Stopped reading at 64GB of RAM in a M2 Mac… That’s not a real world example to start.

☆ Yσɠƚԋσʂ ☆@lemmy.ml · 1 day ago

You can run the Gemma 4 and Qwen3.5 MoE models with as little as 12 GB of VRAM at 30-40 tps (Q4/Q5), and they both blow GPT-4o and DeepSeek R1 out of the water. But 64gb RAM is also not really out of scale with the cost of a shop tool in other trades. If you’re a professional that’s confident in a positive return on the investment, or just a hobbyist with the luxury budget for a “shop” that cost is well within consumer market. That’s not everybody, of course, but it’s not some inconceivable fantasy.

The key point is that local models continue to get more efficient and usable. You need high end consumer grade hardware today, but given how fast improvements are happening, it’s entirely likely that you’ll be able to get the same capability on even smaller hardware in a few months.

pimat@feddit.org · 1 day ago

I really appreciate you taking the time for the reply. From your point of view this makes sense of course and I hope you are right about the upcoming improvements. I did some experiments with a M1 Mac mini and was quickly disappointed but maybe I’ll give it another shot. Thanks again, I’m always open to be corrected and love to learn new stuff.

lichtmetzger@discuss.tchncs.de · edit-2 23 hours ago

Doesn’t have to be a Mac, my GPD Win Max 2 has 64GB as well for a much lower price and it can somehow use 55GB on the integrated NPU (AMD 780M) for running models with ollama. I can even combine that with an external GPU on the Oculink port to increase the total memory.

It takes between 30s to 5min to get a reply, but it does work and it’s mainly useful for going over my project asking how to improve the codebase.

Quality-wise it’s good enough for boilerplate code and small improvements.
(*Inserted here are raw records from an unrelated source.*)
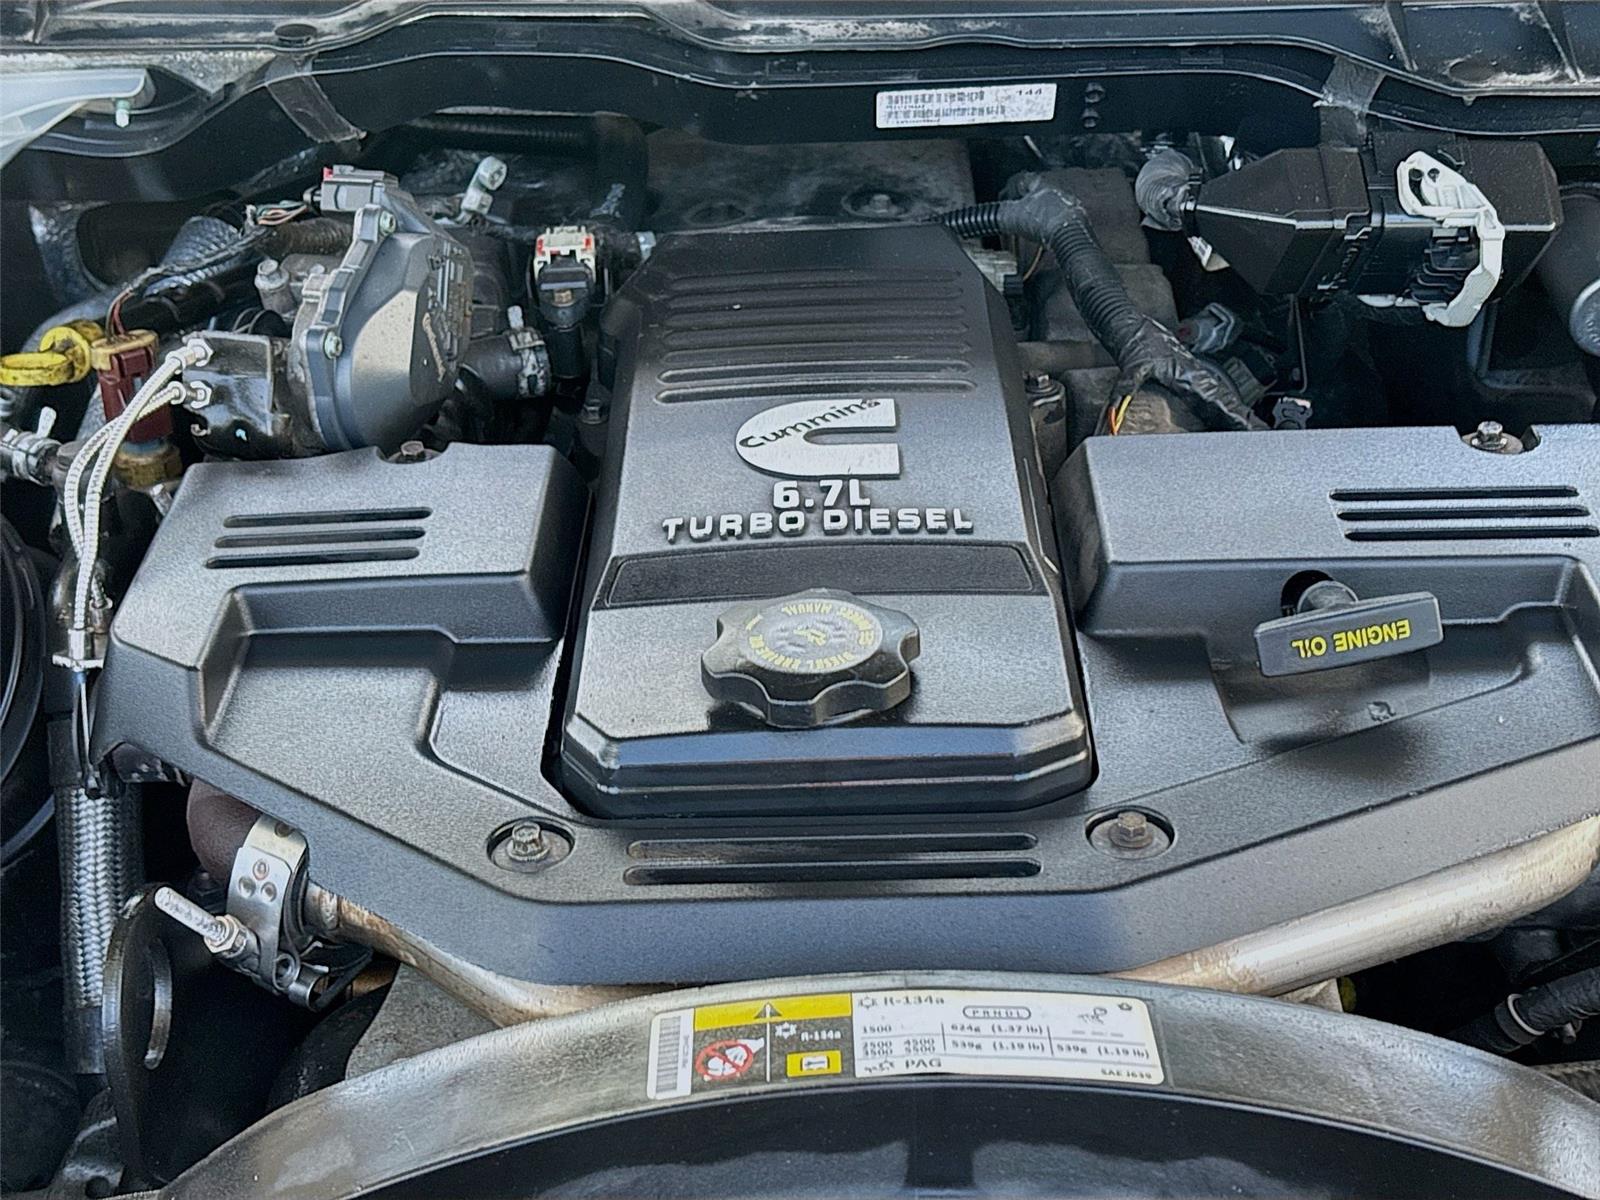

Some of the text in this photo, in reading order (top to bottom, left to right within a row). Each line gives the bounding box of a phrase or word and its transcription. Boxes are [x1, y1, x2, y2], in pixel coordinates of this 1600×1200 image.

[738, 397, 882, 449] Cummins
[771, 479, 872, 509] 6.7L
[662, 507, 974, 542] TURBO DIESEL
[1291, 618, 1412, 658] ENGINE OIL
[883, 995, 946, 1007] R-134a
[904, 1058, 943, 1070] PAG
Wouldn’t trust it to work on big features in larger projects, but I don’t trust LLMs in general for that. I don’t see a big difference to ChatGPT and Gemini (which is a win for local hosting and putting the freedom of computing back into our own hands). But the usual caveats always apply. All models have their problems and people tend to overhype the capabilities of LLMs in general.

setsubyou@lemmy.world · 1 day ago

Why not. I have a 2020 M1 MBP with 64 GB too. But you don’t need that much for the models in the article.